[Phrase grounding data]
┌────────
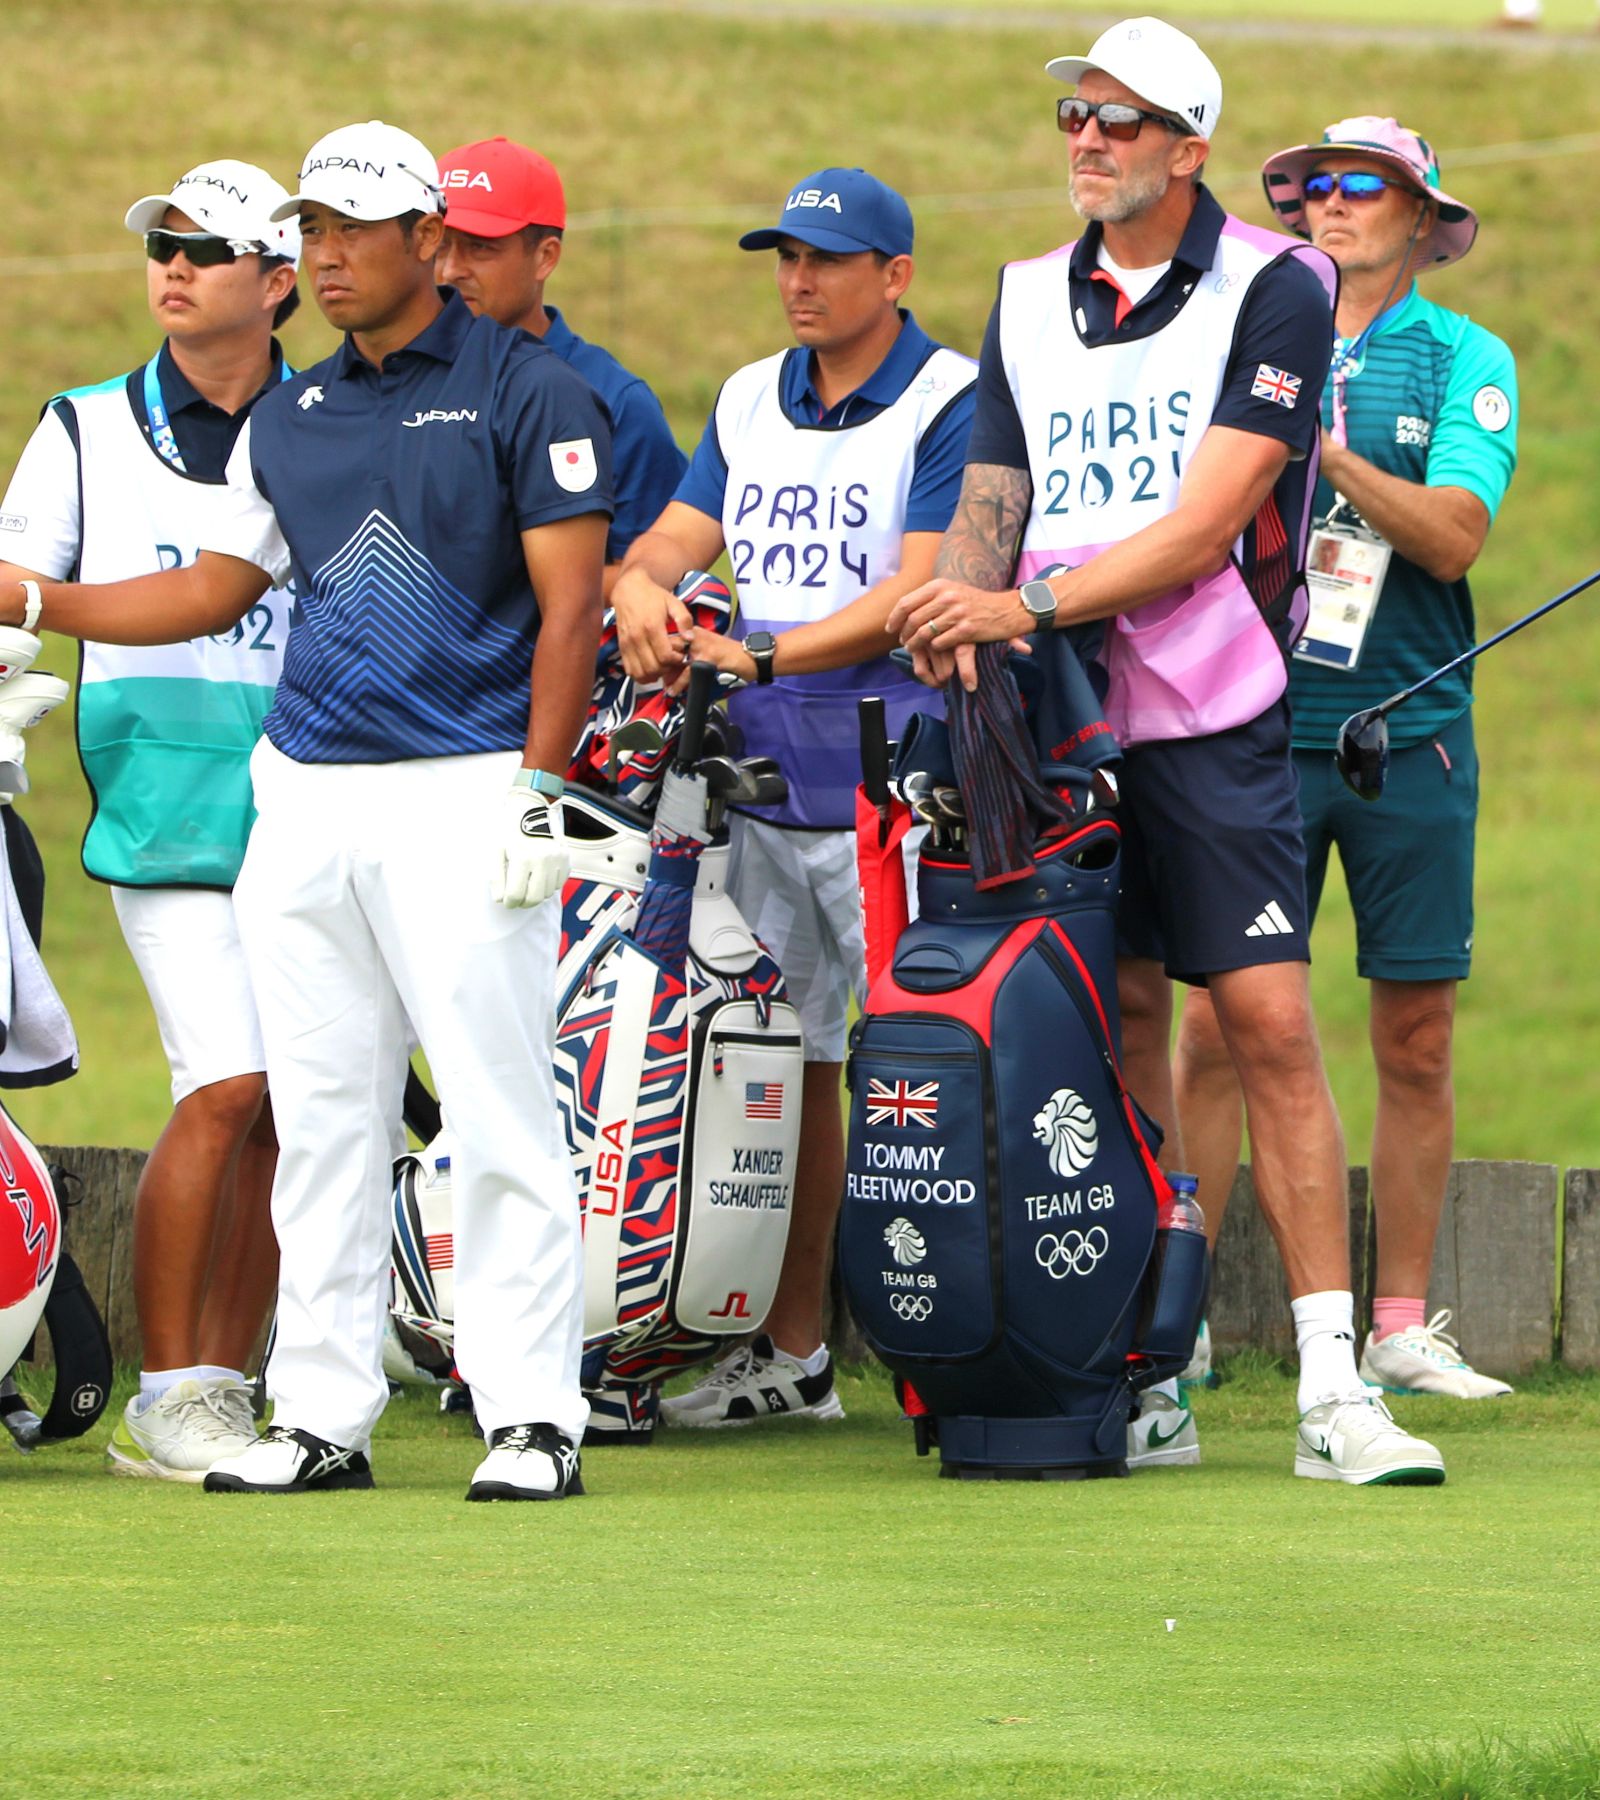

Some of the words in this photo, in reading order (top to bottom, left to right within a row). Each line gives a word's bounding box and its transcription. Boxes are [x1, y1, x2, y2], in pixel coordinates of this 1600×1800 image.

[298, 156, 386, 180] JAPAN
[785, 189, 842, 214] USA
[401, 408, 478, 428] JAPAN
[733, 539, 868, 588] 2024
[592, 1118, 628, 1217] USA
[730, 1148, 784, 1174] XANDER
[864, 1142, 946, 1172] TOMMY
[709, 1181, 789, 1210] SCHAUFFELE
[847, 1173, 977, 1205] FLEETWOOD
[1025, 1190, 1082, 1221] TEAM
[1087, 1184, 1116, 1212] GB
[881, 1271, 915, 1288] TEAM
[917, 1274, 938, 1289] GB
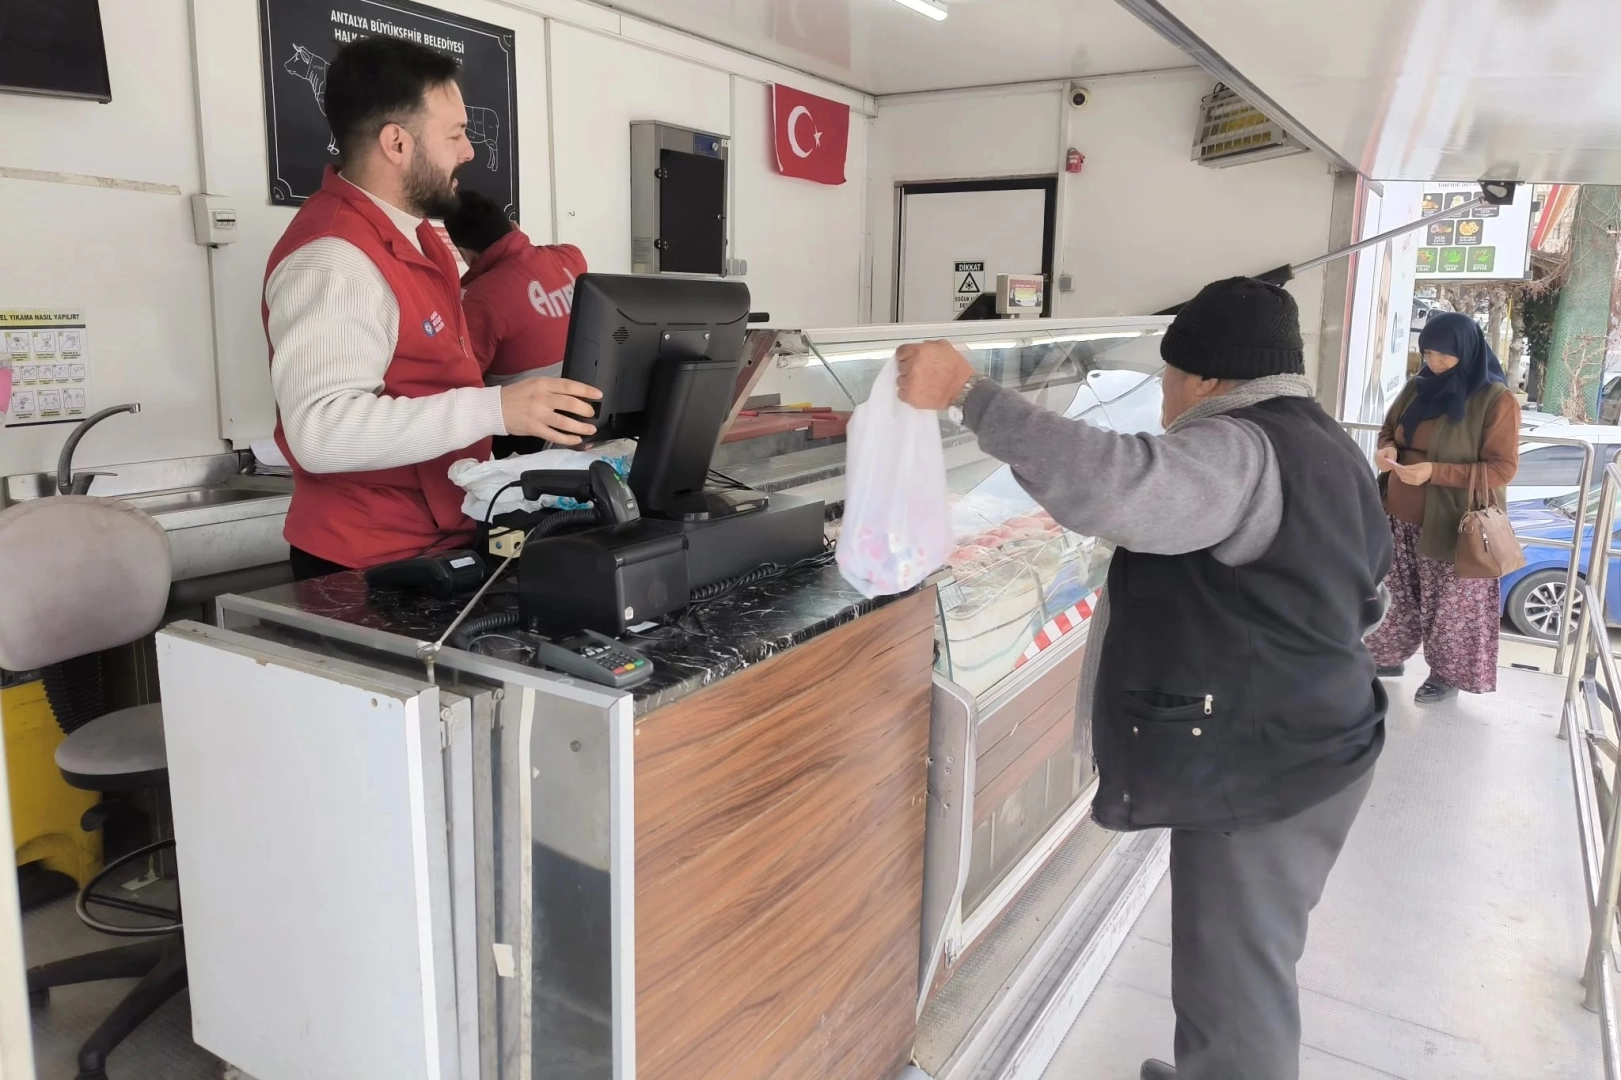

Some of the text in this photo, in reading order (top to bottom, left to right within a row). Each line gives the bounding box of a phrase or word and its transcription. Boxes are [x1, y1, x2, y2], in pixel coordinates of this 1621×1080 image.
└────────
EXERCISE: Omit the pictures, then copy out all the data exactly as it stands.

RESULT OF THE TASK:
Some of the words in this photo, in reading order (top to bottom, left to right within a row). Each line gives a word's bounding box and its transcription. Boxes are [x1, y1, x2, y2], in pixel coordinates of this 1600×1800 image.

[298, 156, 386, 180] JAPAN
[785, 189, 842, 214] USA
[401, 408, 478, 428] JAPAN
[733, 539, 868, 588] 2024
[592, 1118, 628, 1217] USA
[730, 1148, 784, 1174] XANDER
[864, 1142, 946, 1172] TOMMY
[709, 1181, 789, 1210] SCHAUFFELE
[847, 1173, 977, 1205] FLEETWOOD
[1025, 1190, 1082, 1221] TEAM
[1087, 1184, 1116, 1212] GB
[881, 1271, 915, 1288] TEAM
[917, 1274, 938, 1289] GB

Some of the text in this photo, in reading order (top to bottom, left to right within a row). Each line gives the bounding box of a phrase or word and its transcription. Boxes are [x1, y1, x2, y2], in pixel coordinates of this 1621×1080 image.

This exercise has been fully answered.